# TASK STATEMENT
With the pictures left out, write every entry down exactly.

# PROVIDED INFORMATION
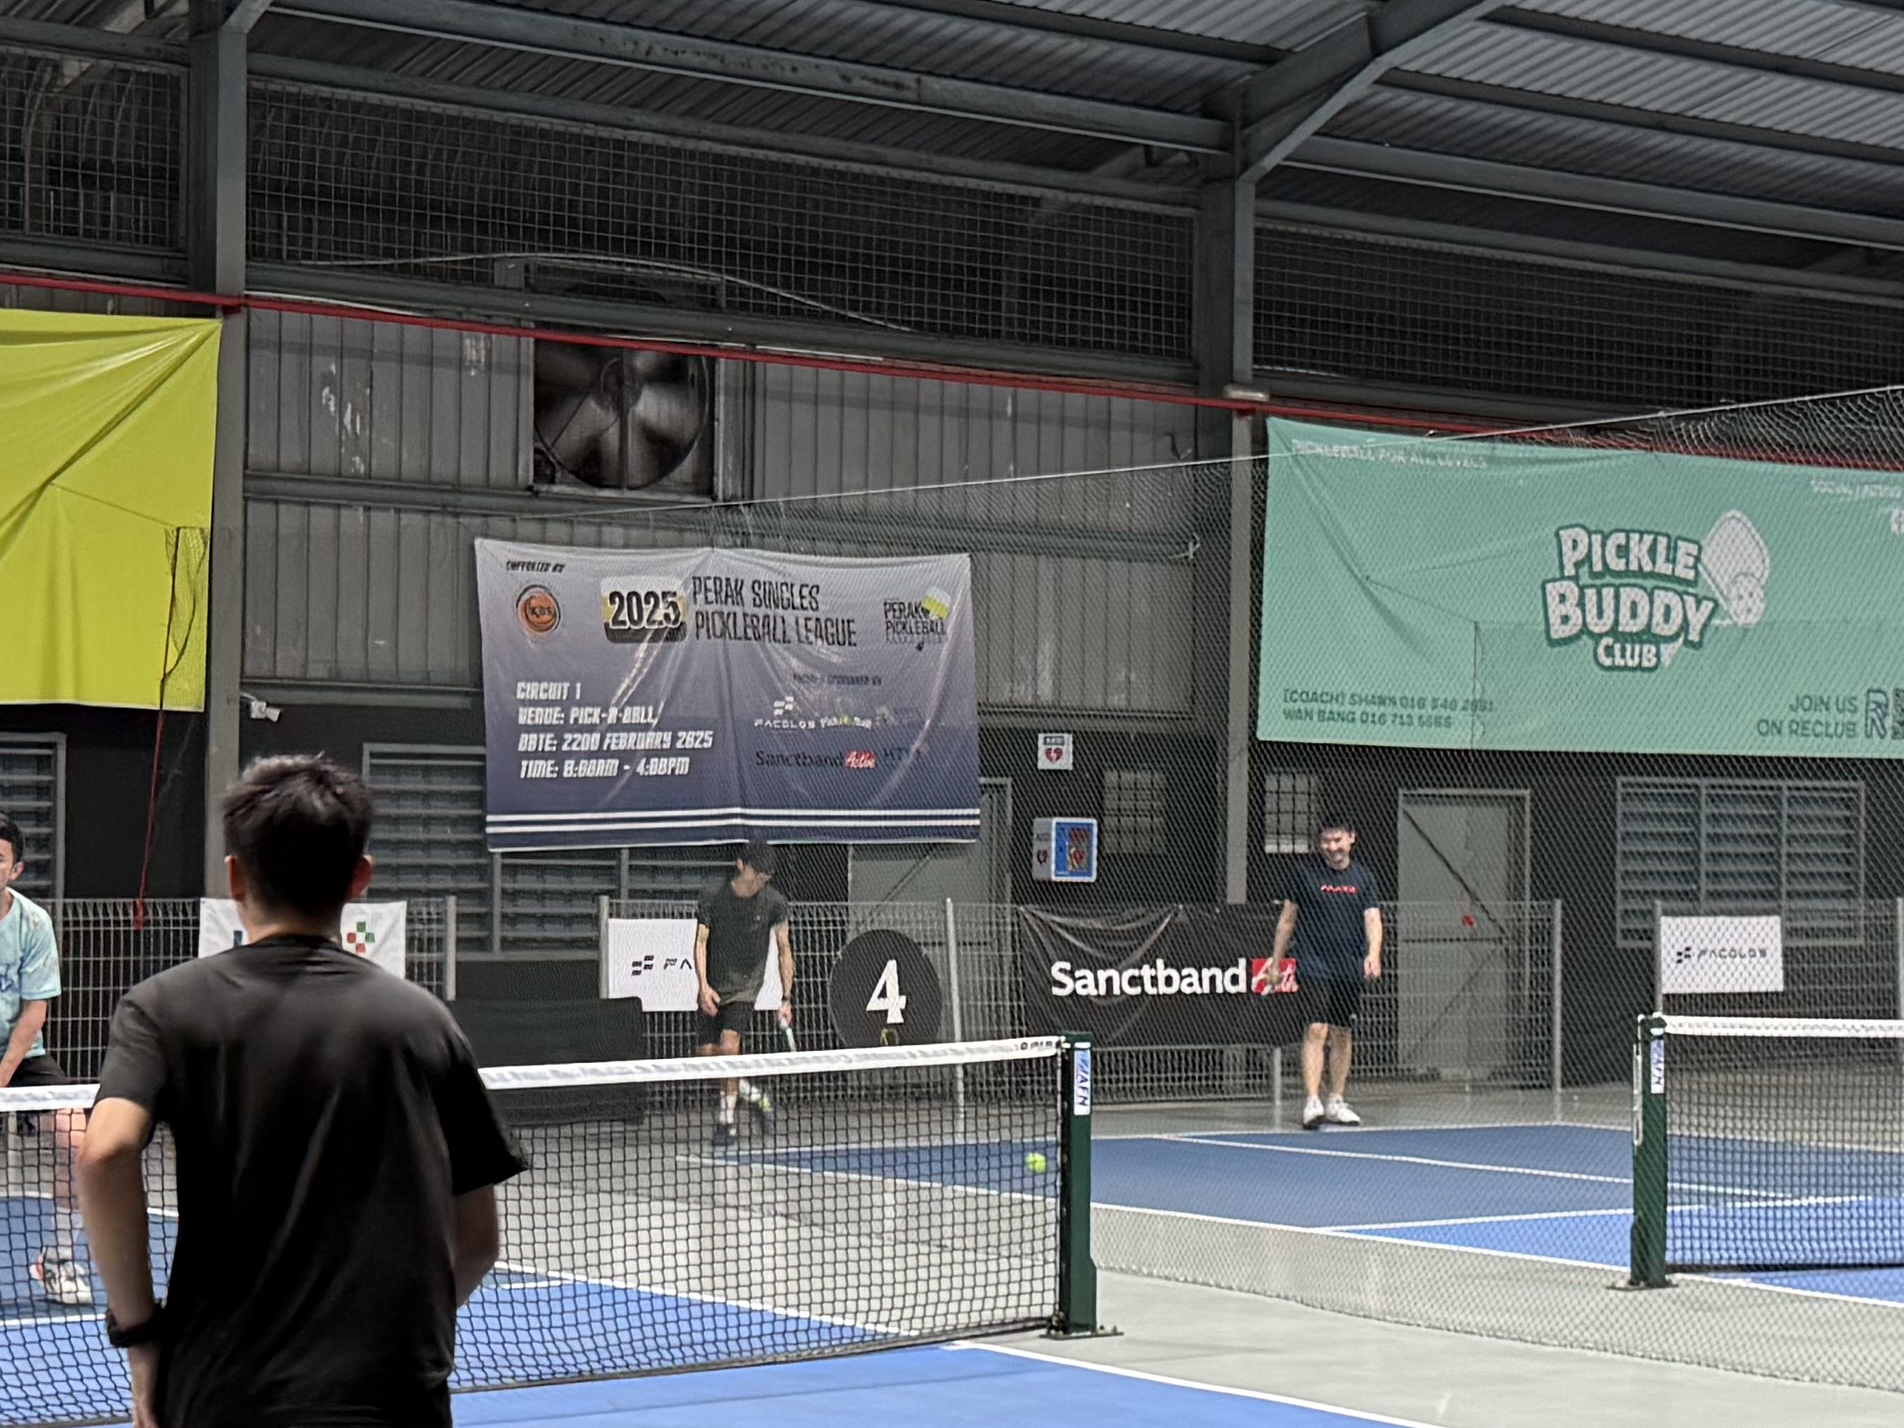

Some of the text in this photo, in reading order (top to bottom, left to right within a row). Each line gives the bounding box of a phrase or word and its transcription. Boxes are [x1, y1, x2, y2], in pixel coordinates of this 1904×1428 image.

[1558, 527, 1700, 580] PICKLE
[609, 590, 681, 628] 2025
[692, 575, 820, 611] PERAK SINGLES
[1545, 579, 1715, 642] BUDDY
[695, 610, 857, 647] PICKLEBALL LEAGUE
[1596, 637, 1657, 668] CLUB
[516, 682, 582, 700] CIRCUIT 1
[1789, 694, 1858, 714] JOIN US
[1757, 719, 1858, 738] ON RECLUB
[520, 759, 558, 778] TIME:
[866, 959, 907, 1025] 4
[1051, 958, 1246, 996] Sanctband

# SOLUTION FOR THIS EXERCISE
Some of the text in this photo, in reading order (top to bottom, left to right within a row). Each line gives the bounding box of a phrase or word and its transcription. Boxes are [x1, y1, x2, y2], in pixel coordinates of this 1904×1428 image.

[1558, 527, 1700, 580] PICKLE
[609, 590, 681, 628] 2025
[692, 575, 820, 611] PERAK SINGLES
[1545, 579, 1715, 642] BUDDY
[695, 610, 857, 647] PICKLEBALL LEAGUE
[1596, 637, 1657, 668] CLUB
[516, 682, 582, 700] CIRCUIT 1
[1789, 694, 1858, 714] JOIN US
[1757, 719, 1858, 738] ON RECLUB
[520, 759, 558, 778] TIME:
[866, 959, 907, 1025] 4
[1051, 958, 1246, 996] Sanctband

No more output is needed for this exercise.